7. List the possible decision areas that the output of
forecasting is used in an industrial organization.
Good forecasts are of critical importance in all aspects of a business: The forecast is the only
estimate of demand until actual demand becomes known. Forecasts of demand therefore drive
decisions in many areas. We can classify the impact of product demand forecast on three
activities:
(1) supply-chain management,
(2) Human resources, and
(3) Capacity
8. Explain the strategic importance of forecasting.
Forecasting is the practice of foretelling future events. It may entail compiling historical data like
past sales and creating a mathematical model to help predict the future.
Forecasting is valuable to businesses because it gives the ability to make informed business
decisions and develop data-driven strategies. Financial and operational decisions are made
based on current market conditions and predictions on how the future looks. Here are some
reasons why forecasting is crucial for your business.

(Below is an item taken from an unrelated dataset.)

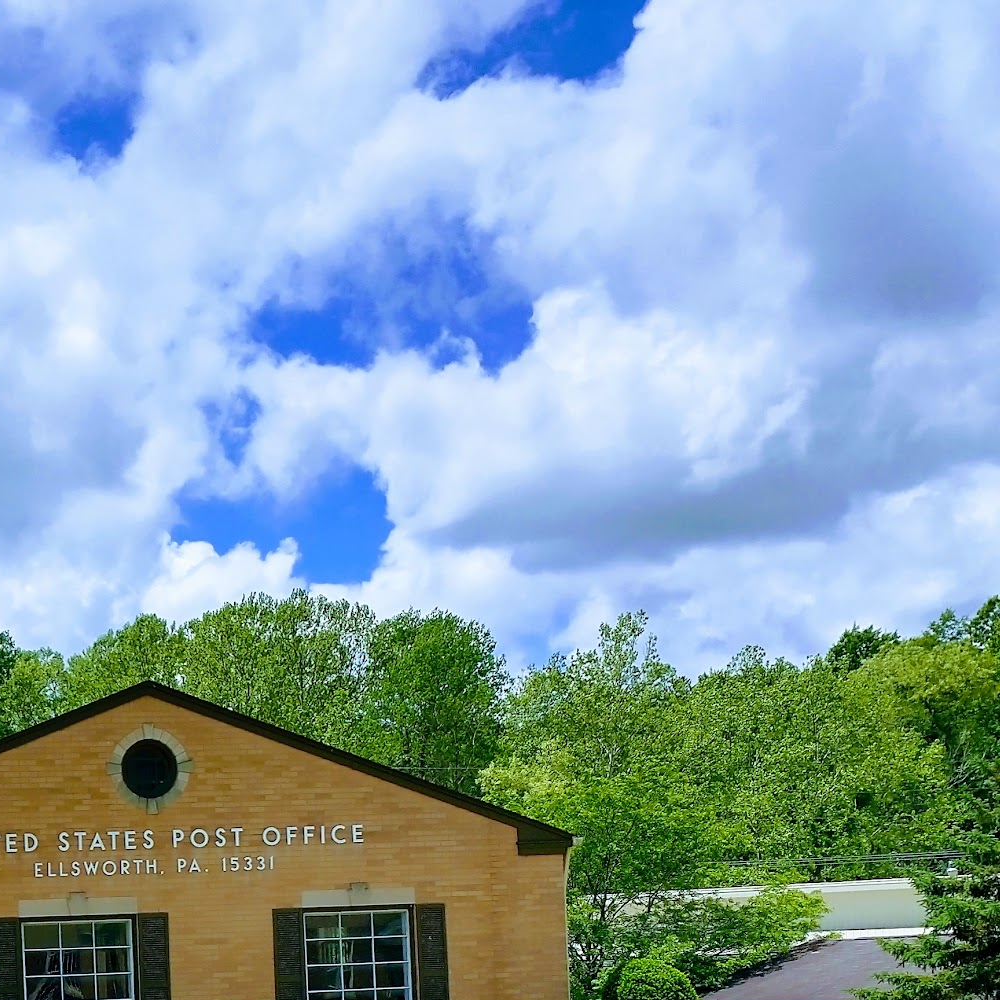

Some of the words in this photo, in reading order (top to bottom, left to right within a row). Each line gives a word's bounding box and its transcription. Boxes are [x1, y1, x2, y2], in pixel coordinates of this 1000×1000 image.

1. Take advantage of real-time data
Modern businesses obtain real-time consumer data from a wide array of sources. With sales
forecasting models, you easily estimate future demand for a specific product or service
leveraging real-time consumer data. Some of the sources of consumer data include sales reps,
online surveys, and market tests.
2. Promotes collaboration and coordination
Forecasting isn’t one person’s responsibility. Instead, it requires collaboration and coordination
of all team leaders. Getting all concerned parties to participate in the process of predicting future
events automatically encourages collaboration and coordination. It also guarantees adaptability
to fast-changing conditions.
3. Plan formulation
Forecasting is an important part of planning because planning premises consists of some
predictions. In fact, forecasting is the basis on which planning happens. Planning under all
conditions and in all instances involves a considerable degree of projecting the future in the view
of current circumstances and environment. So there is a close relationship between forecasting
and planning. Adequate planning, be it short term or long-term, departmental or overall, relies on
forecasting to a greater extent.
Forecasting helps you plan the next steps for your business. It helps you gain a clear
understanding of what measures you need to put in place to grow. It allows you to come up with
smart short-term and long-term goals. It also enables you to make intelligent investment
decisions and promotes a team spirit and coordination in the workplace when heads of
departments participate in the process of forecasting.